Inspired by https://learn.microsoft.com/en-us/azure/stream-analytics/event-hubs-parquet-capture-tutorial

#### Diagram

```
+-----> Event Viewer
| + NuxtJS
Event Generator ==> Event Hub -------------+ + PowerBI
+ Azure Event Hubs |
+----> Event Collector -------> Event Aggregate Store <------ Event finder
+ Azure Stream Analytics + Azure Blob + Azure Synapse
```

#### Event aggregation

See https://learn.microsoft.com/en-us/azure/event-hubs/event-hubs-capture-overview
and https://learn.microsoft.com/en-us/azure/event-hubs/event-hubs-capture-enable-through-portal
and https://learn.microsoft.com/en-us/azure/stream-analytics/event-hubs-parquet-capture-tutorial

#### Querying

##### Create a new Azure Synapse Analytics resource

You should create a Blob storage account with the following attributes:
- Azure Blob Storage or Azure Data Lake Storage Gen 2
- Enable hierarchical namespace = true

Then you can create your new Azure Synapse Analytics resource and use the previously created Storage Account.

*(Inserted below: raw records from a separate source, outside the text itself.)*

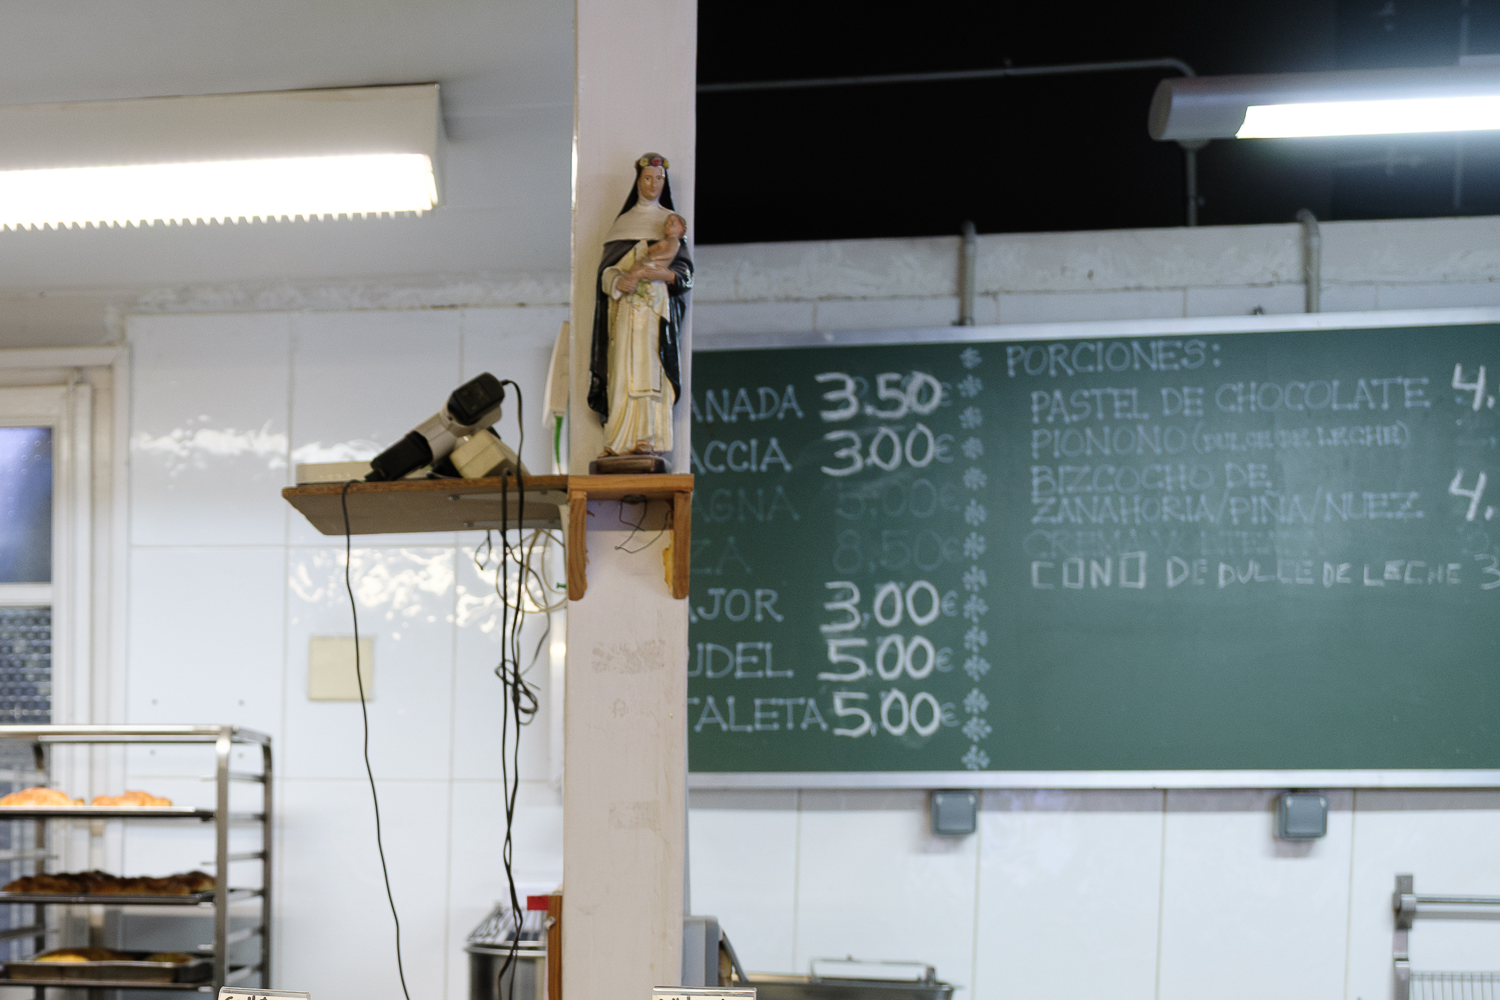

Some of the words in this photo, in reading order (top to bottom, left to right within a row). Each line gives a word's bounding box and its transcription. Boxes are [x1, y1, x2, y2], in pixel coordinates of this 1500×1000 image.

[1005, 340, 1222, 377] PORCIONES:
[1030, 387, 1150, 425] PASTEL
[1160, 386, 1205, 418] DE
[1215, 377, 1432, 414] CHOCOLATE
[1030, 463, 1215, 502] BIZCOCHO
[1224, 462, 1273, 490] DE
[1030, 550, 1148, 591] CONO
[1165, 555, 1208, 590] DE
[1322, 561, 1353, 589] DE
[688, 588, 784, 623] JOR
[687, 695, 828, 733] ALETA
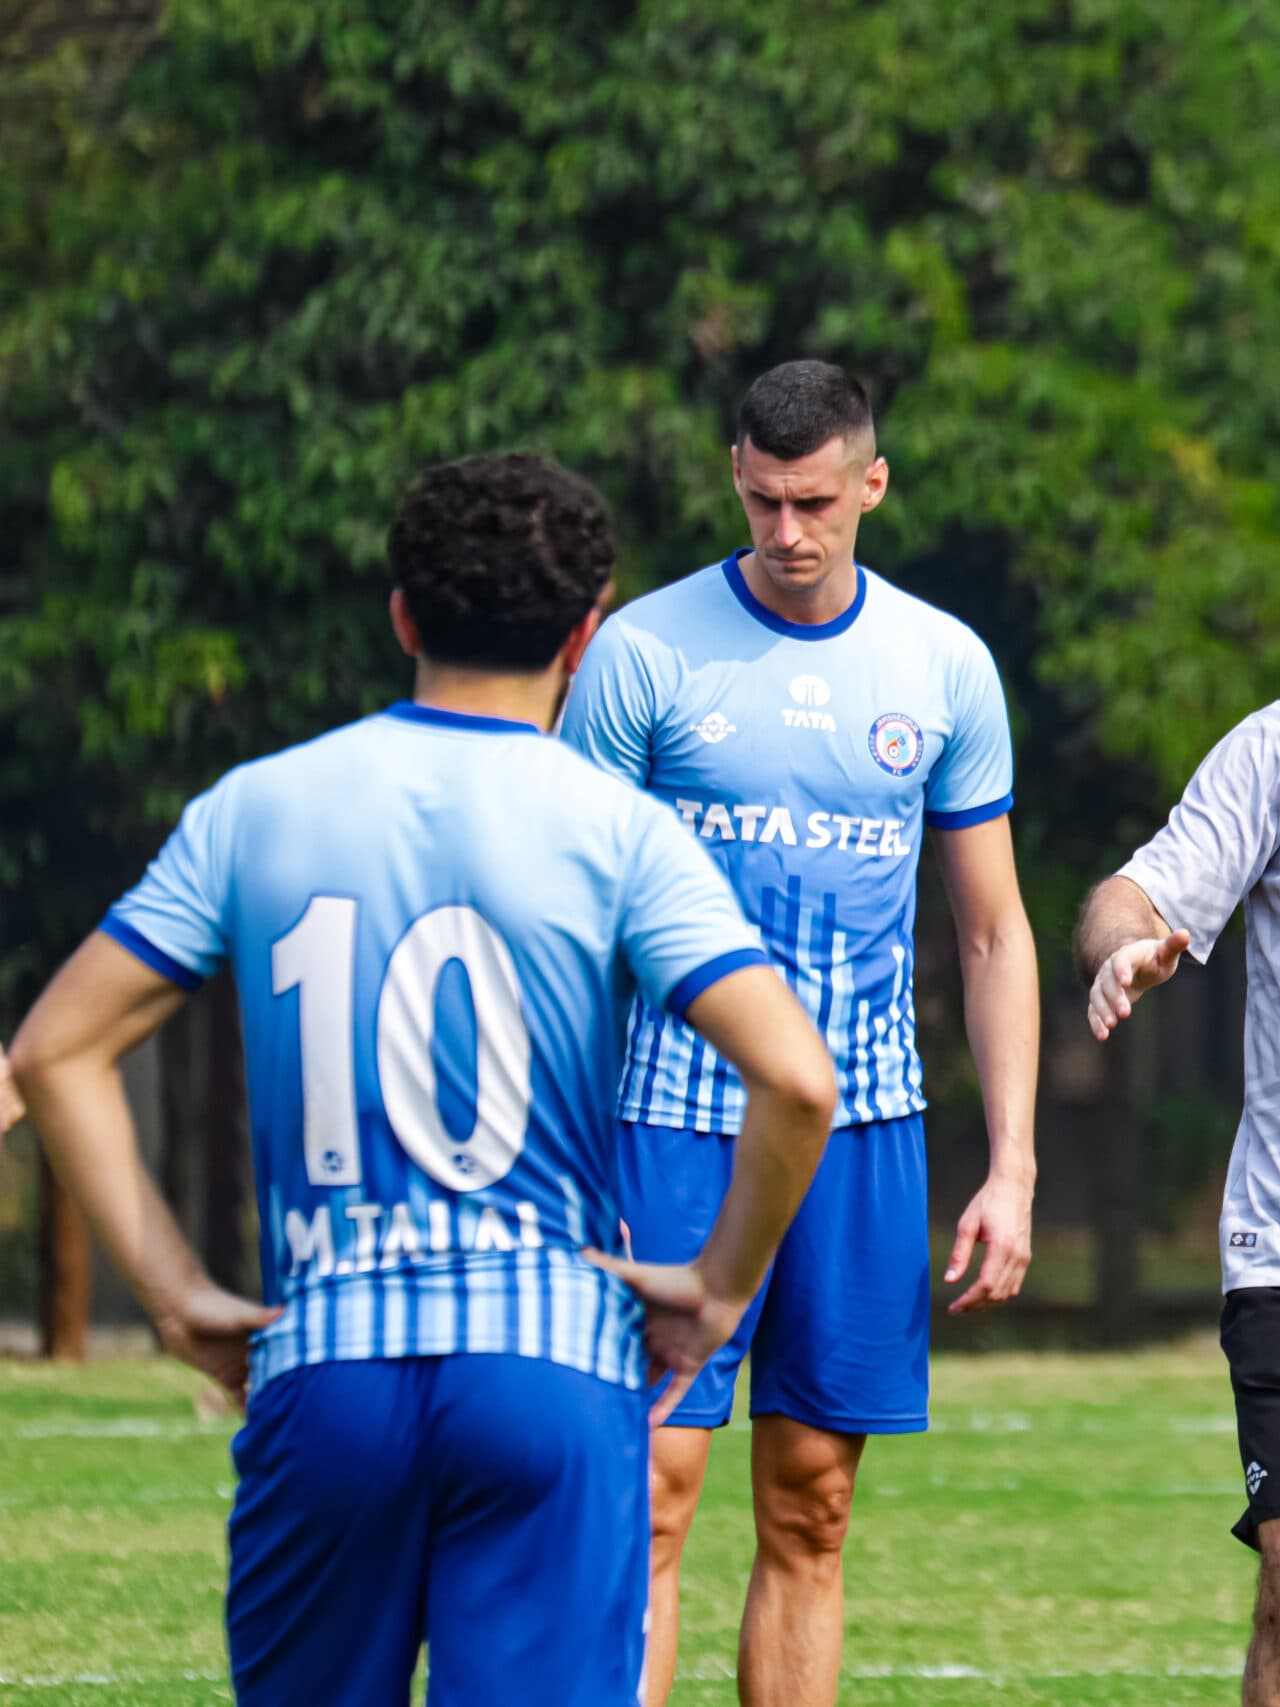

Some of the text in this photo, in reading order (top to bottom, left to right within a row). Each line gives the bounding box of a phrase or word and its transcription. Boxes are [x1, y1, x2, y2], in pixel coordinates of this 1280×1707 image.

##### Configure the external data source

See also the tutorial that demonstrates all the steps: https://www.youtube.com/watch?v=WMSF_ScBKDY

- Go to your Azure Synapse portal.
- Select the "Develop" section.
- click the "+" button and select "SQL script"
- name it "configure_db"
- paste the following script and execute it:

```sql
CREATE DATABASE vehicles;
GO;

USE vehicles;

-- You should generate a new password
CREATE MASTER KEY ENCRYPTION BY PASSWORD = '';

CREATE DATABASE SCOPED CREDENTIAL VehicleDataCredential
WITH
IDENTITY = 'SHARED ACCESS SIGNATURE',
-- you should copy the SAS token configured for your Storage Account, in the "Shared access signature"
SECRET = 'sv=2022-11-02&ss=b&srt=co&sp=rlf&se=2024-12-31T22:42:44Z&st=2024-12-15T14:42:44Z&spr=https&sig=';

create external data source VehicleDataEvents with (
-- you should replace morganvehicledata with the name of your Storage Account.
location = 'wasbs://events@morganvehicledata.blob.core.windows.net',
CREDENTIAL = VehicleDataCredential
);

GO;
```

##### Create queries

The strategy is to use the right BULK filter in order to only select the files containing the data, based on the time range and geohash list.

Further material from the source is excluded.